New player-of-media

Dec 27, 2009 01:19

I picked up a new toy today: An Acer Aspire Rivo. It's a small, diamond-shaped thin that is basically a weak Atom-CPU stapled to a screaming-fast GF9400. This gives it some interesting properties, and foretells what is to come in the computing world.

There was a bit of confusion at Fry's where I bought it. The display model with the "$200" price tag wasn't what was on the shelf below it. For $130 more, I got a quad-core instead of a dual-core, and 2GB of RAM instead of 1GB -- an upgrade I'm happy to pay for, but now I need to figure out what to do with the extra cores.

I bought this in the hopes that it could replace the Xbox we've been using as our media center PC. While setup was very easy, the Xbox is really showing its age, as it has trouble decoding the more advanced H.264 videos. Also annoying is its lack of a "Power On" button on the remote.

All this is fixed with the Ion.

The first thing I did when I got it home was install a minimal Ubuntu install, and then I followed the steps to install XBMC on top of that. A few additional installs, like lirc and sabnzbd, and everything was done.

Without breaking a sweat, this thing can mount Windows shares from the network, then play full 1080p video at 40 Mbit/s (faster than our network can push, actually). It doesn't even sound like there are any fans running when it does this. "top" shows 25-35% cpu being used (with 400% available with quad cores), and I suspect most of that is decoding the audio.

As if that wasn't fancy enough, the Xbox remote works with a cable I hacked together. I just plug the Xbox IR receiver into the USB port, and the remote works. I've enabled USB Wake, so pressing any button on the remote causes the unit to power up.

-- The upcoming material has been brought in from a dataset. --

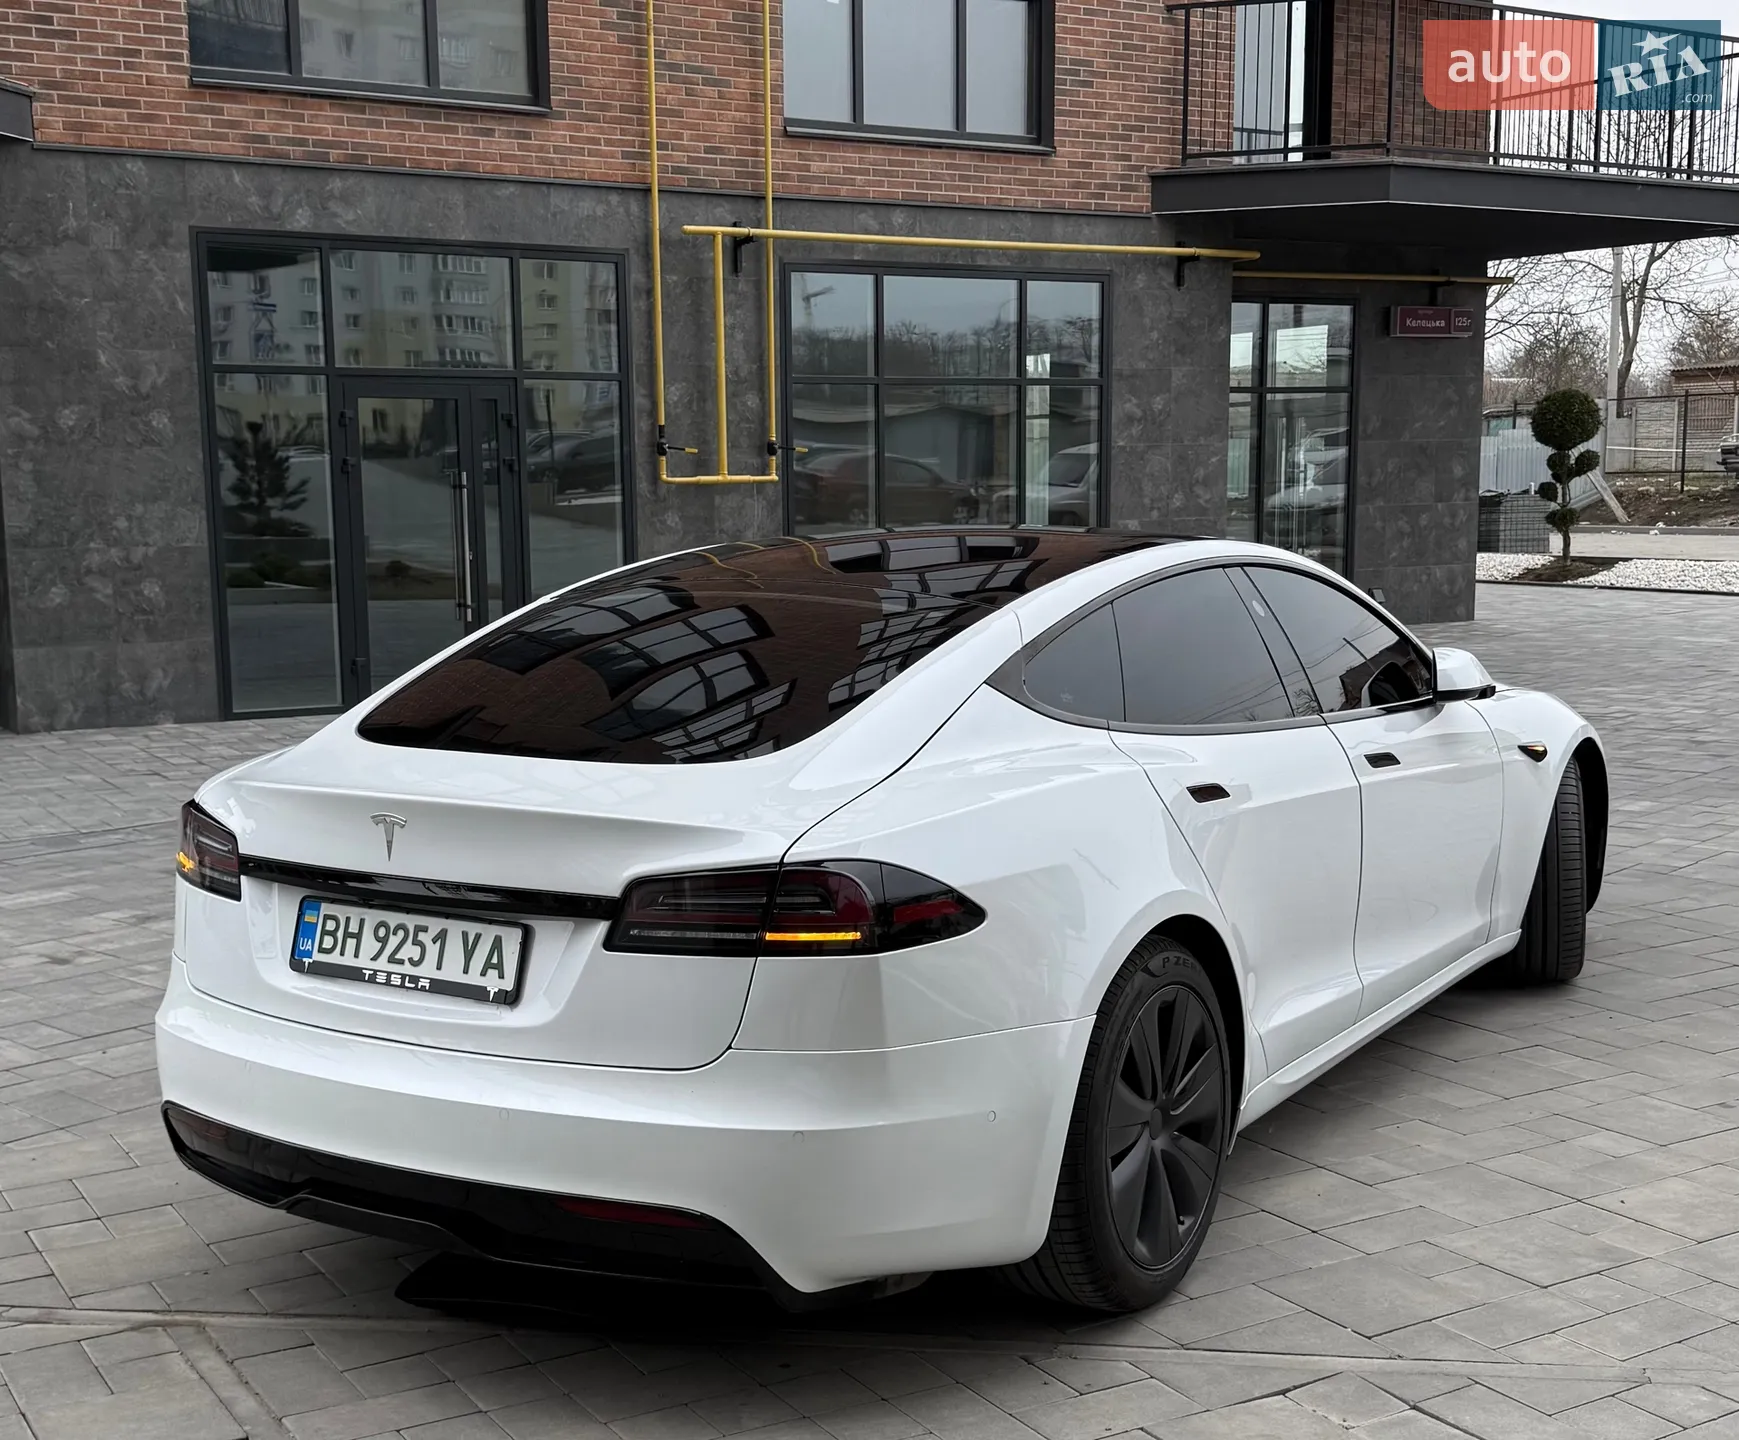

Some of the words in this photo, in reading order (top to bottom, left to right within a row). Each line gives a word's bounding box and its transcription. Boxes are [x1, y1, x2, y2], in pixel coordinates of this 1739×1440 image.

Joy!

Getting this set up has cost about as much as other options I've investigated, but has been easier to set up, requires less power, runs faster and cooler, can decode higher resolutions, and even comes with a snazzy wireless keyboard and mouse.

I'm waiting for a VGA -> Component converter box that I bought to arrive, at which point this will be hooked up to the TV directly, and the Xbox will be unceremoniously decommissioned.